Work item - Every record below should be copied exactly, with the pictures left out.

Data shown -

====

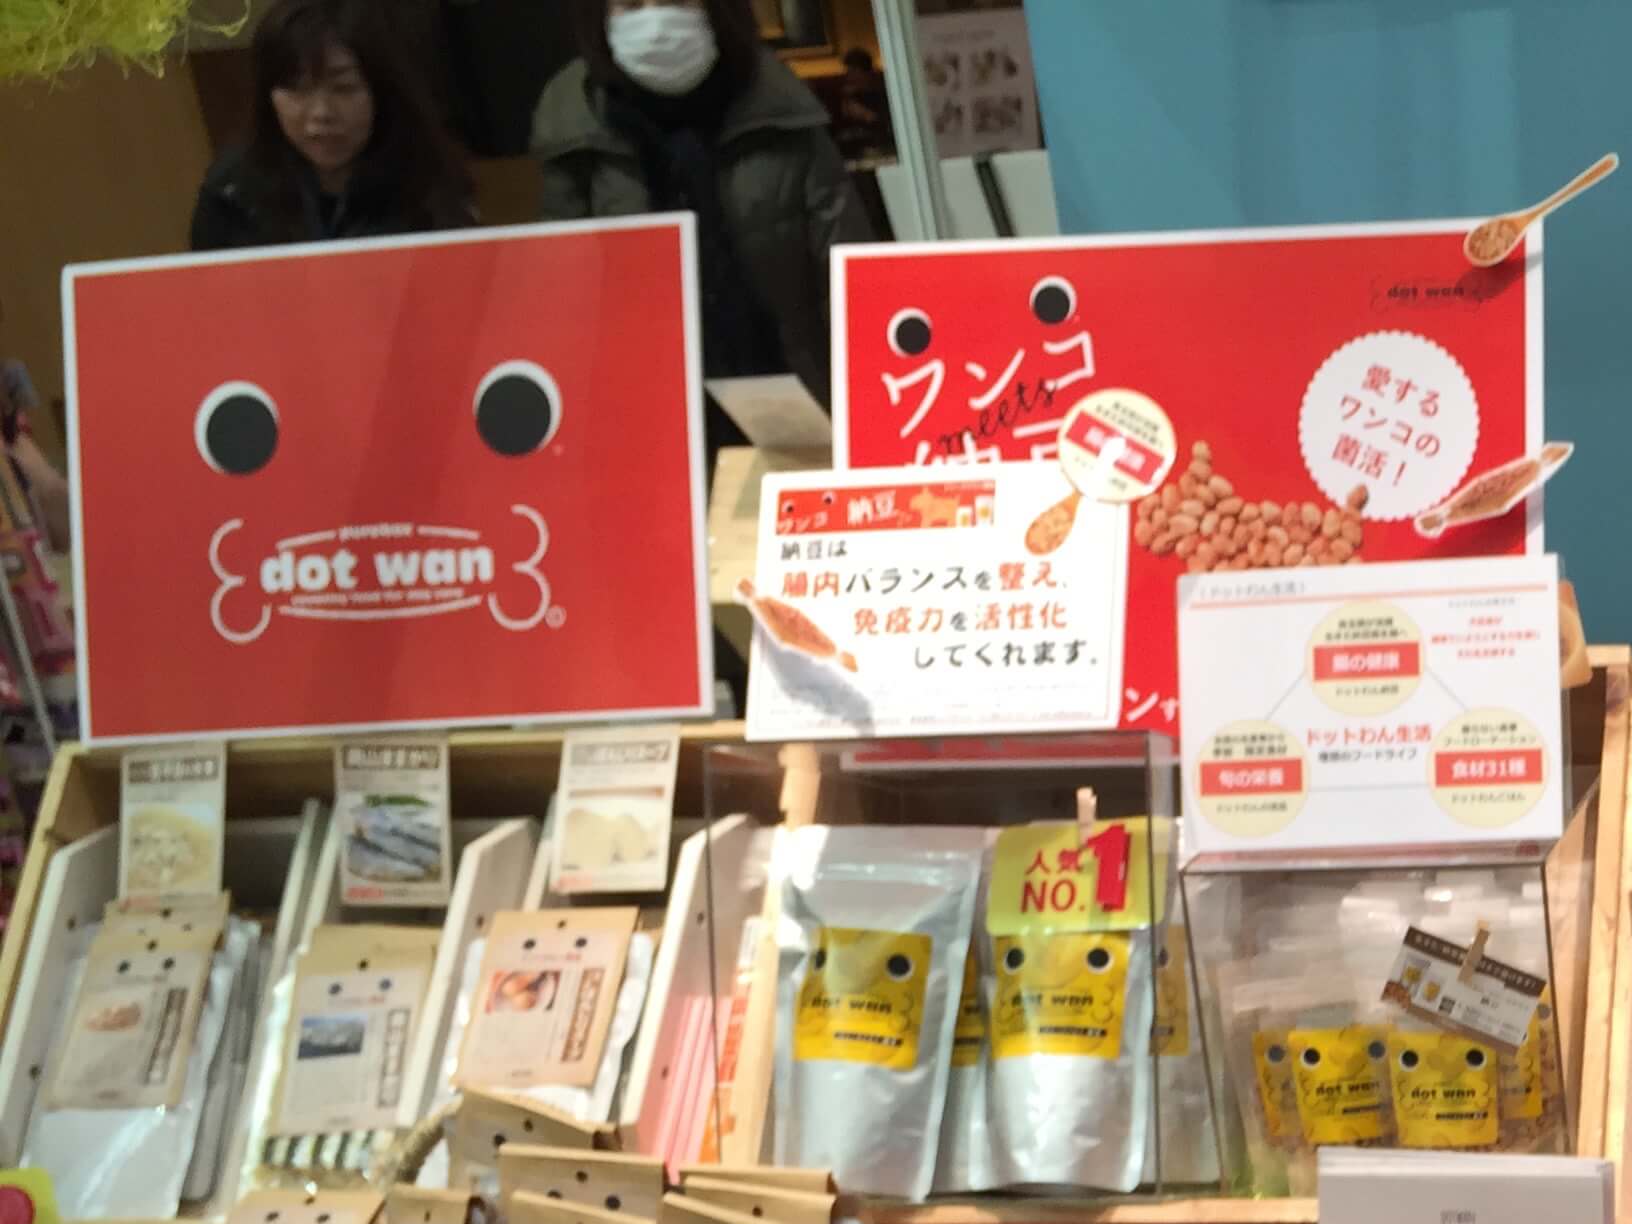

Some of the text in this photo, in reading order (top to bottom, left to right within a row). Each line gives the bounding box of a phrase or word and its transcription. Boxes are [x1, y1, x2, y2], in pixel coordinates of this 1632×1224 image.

[882, 332, 1095, 437] ワンコ
[1362, 364, 1442, 417] 愛する
[1340, 395, 1441, 457] ワンコの
[780, 540, 848, 561] 納豆は
[261, 546, 494, 592] dot wan
[853, 602, 1068, 635] 免疫力を活性化
[913, 640, 1098, 669] してくれます。
[1306, 723, 1432, 747] ドットわん生活
[1026, 848, 1083, 875] 人気
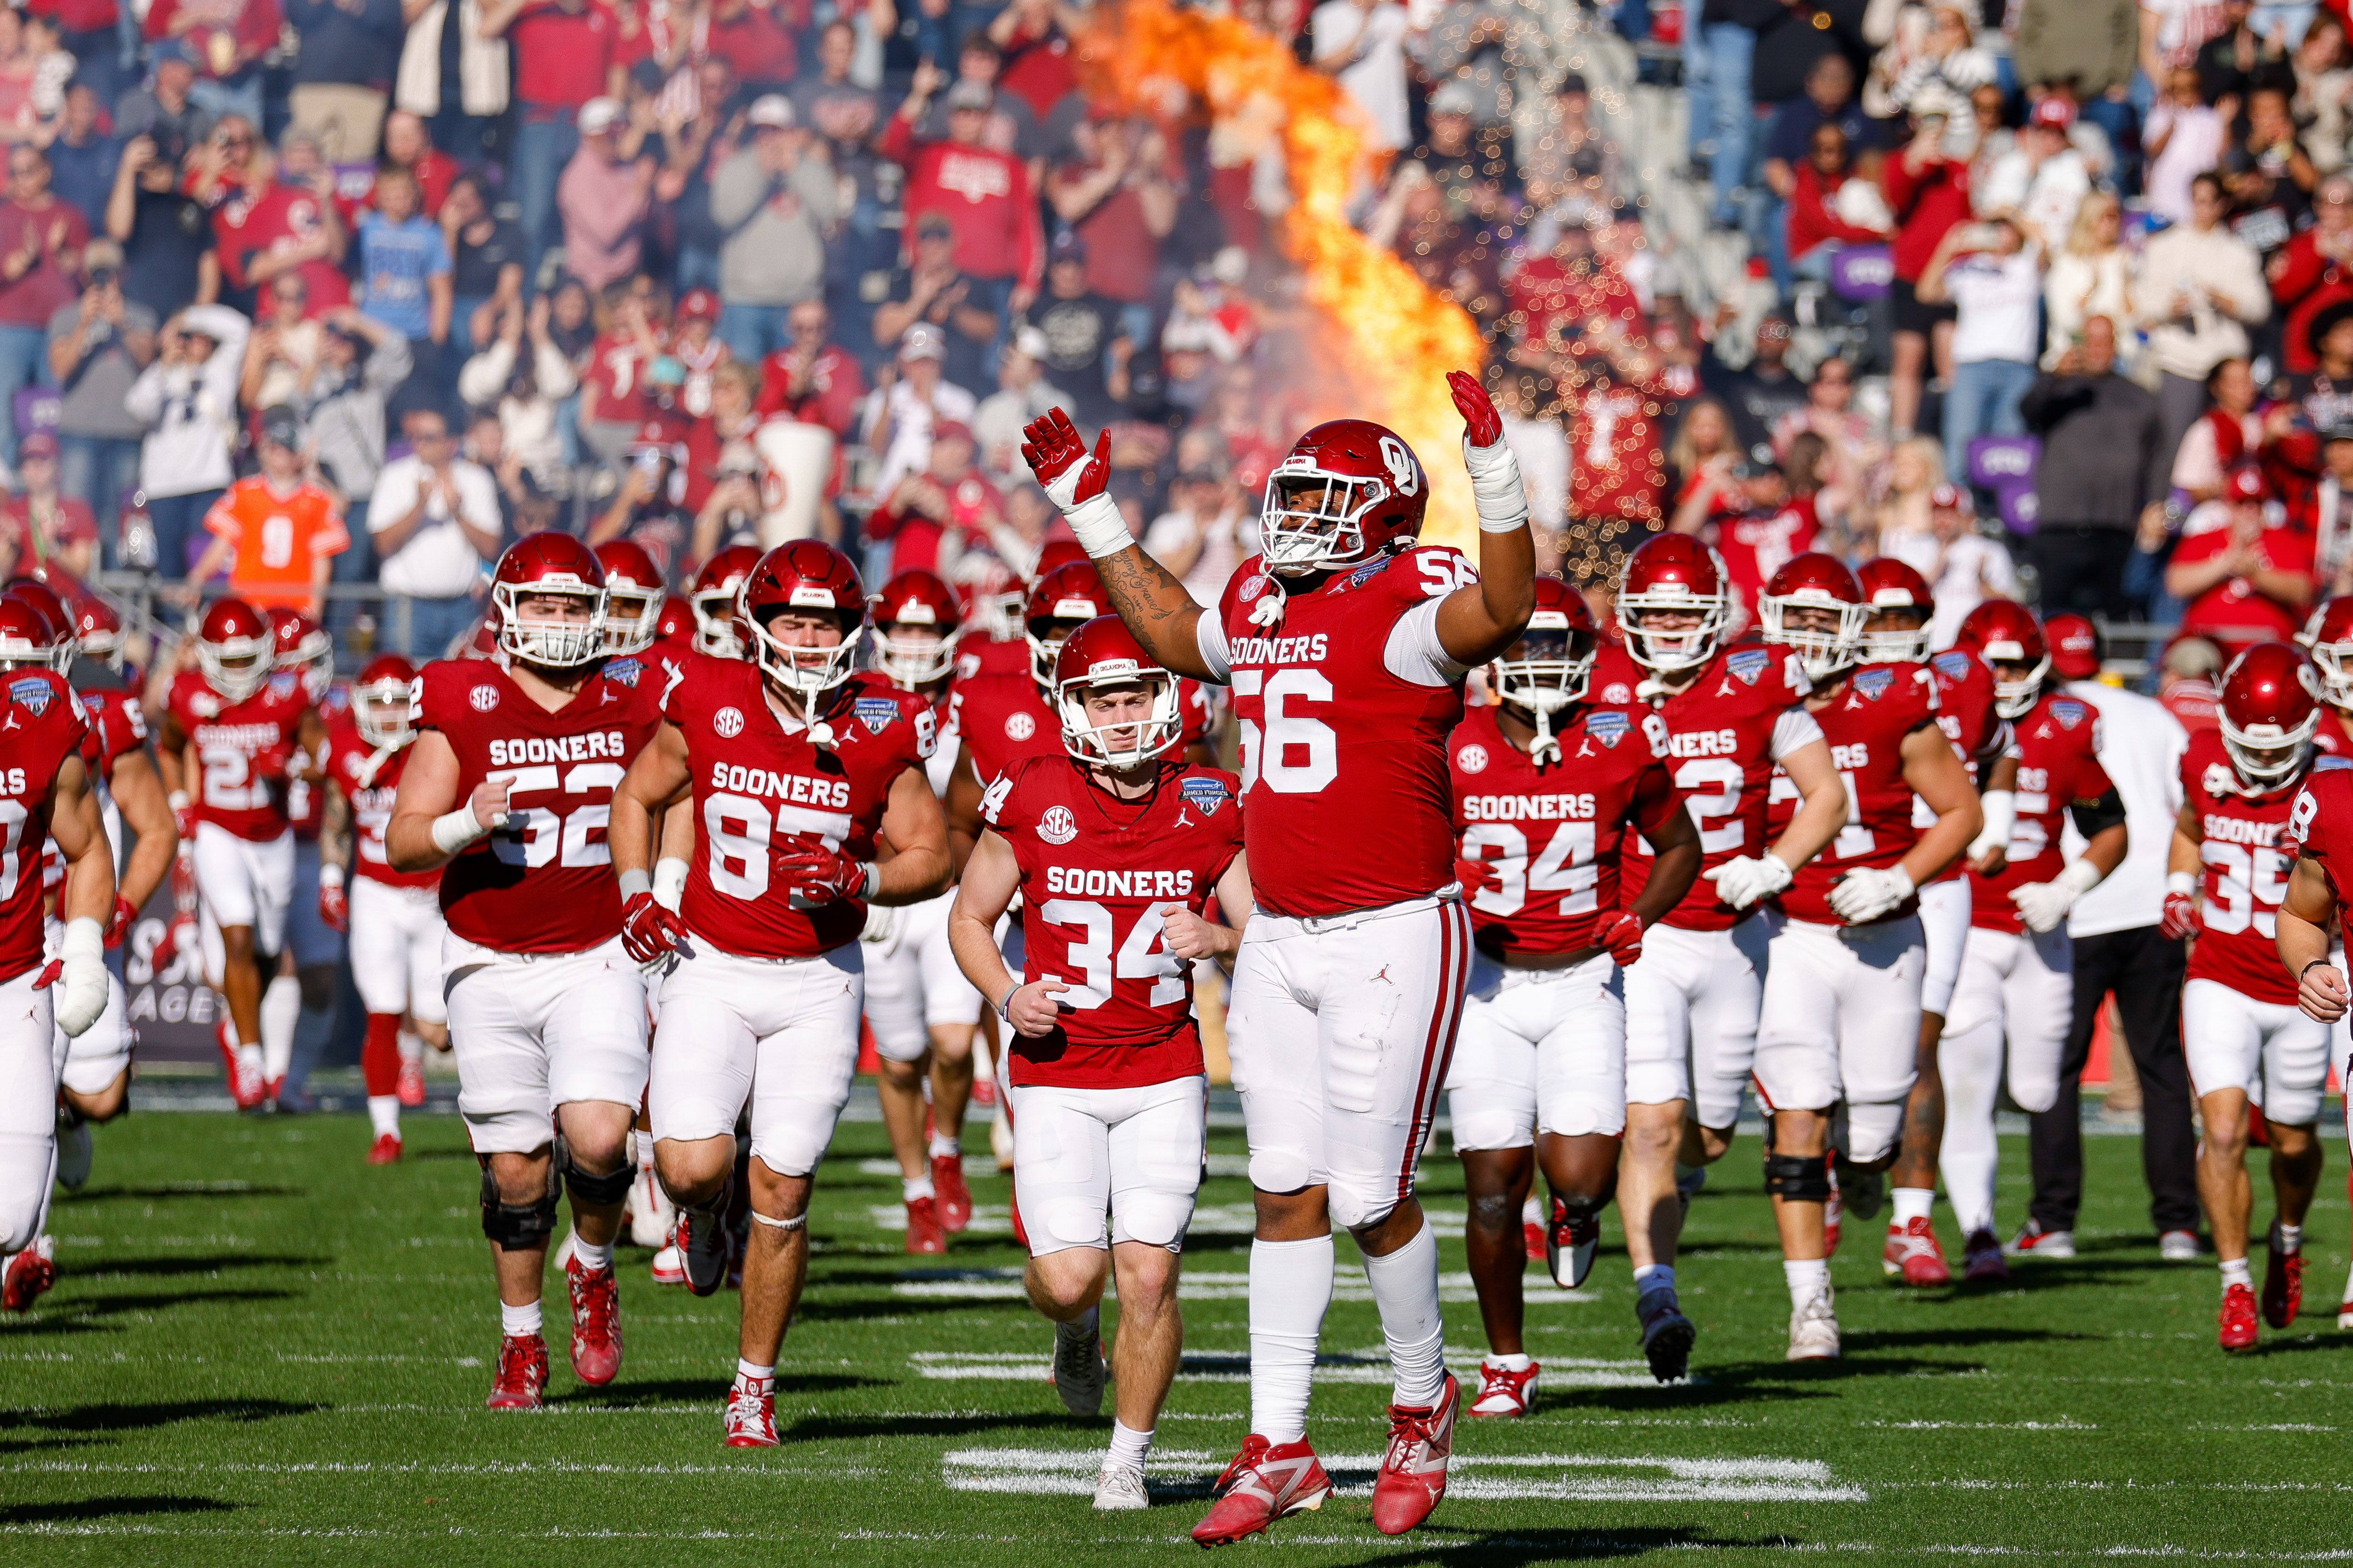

====

Output -
Some of the text in this photo, in reading order (top to bottom, left to right within a row). Each line gives the bounding box of a phrase or word and its transcription. Boxes are [x1, y1, x2, y2], in pixel coordinates of this 1632×1224 image.

[882, 332, 1095, 437] ワンコ
[1362, 364, 1442, 417] 愛する
[1340, 395, 1441, 457] ワンコの
[780, 540, 848, 561] 納豆は
[261, 546, 494, 592] dot wan
[853, 602, 1068, 635] 免疫力を活性化
[913, 640, 1098, 669] してくれます。
[1306, 723, 1432, 747] ドットわん生活
[1026, 848, 1083, 875] 人気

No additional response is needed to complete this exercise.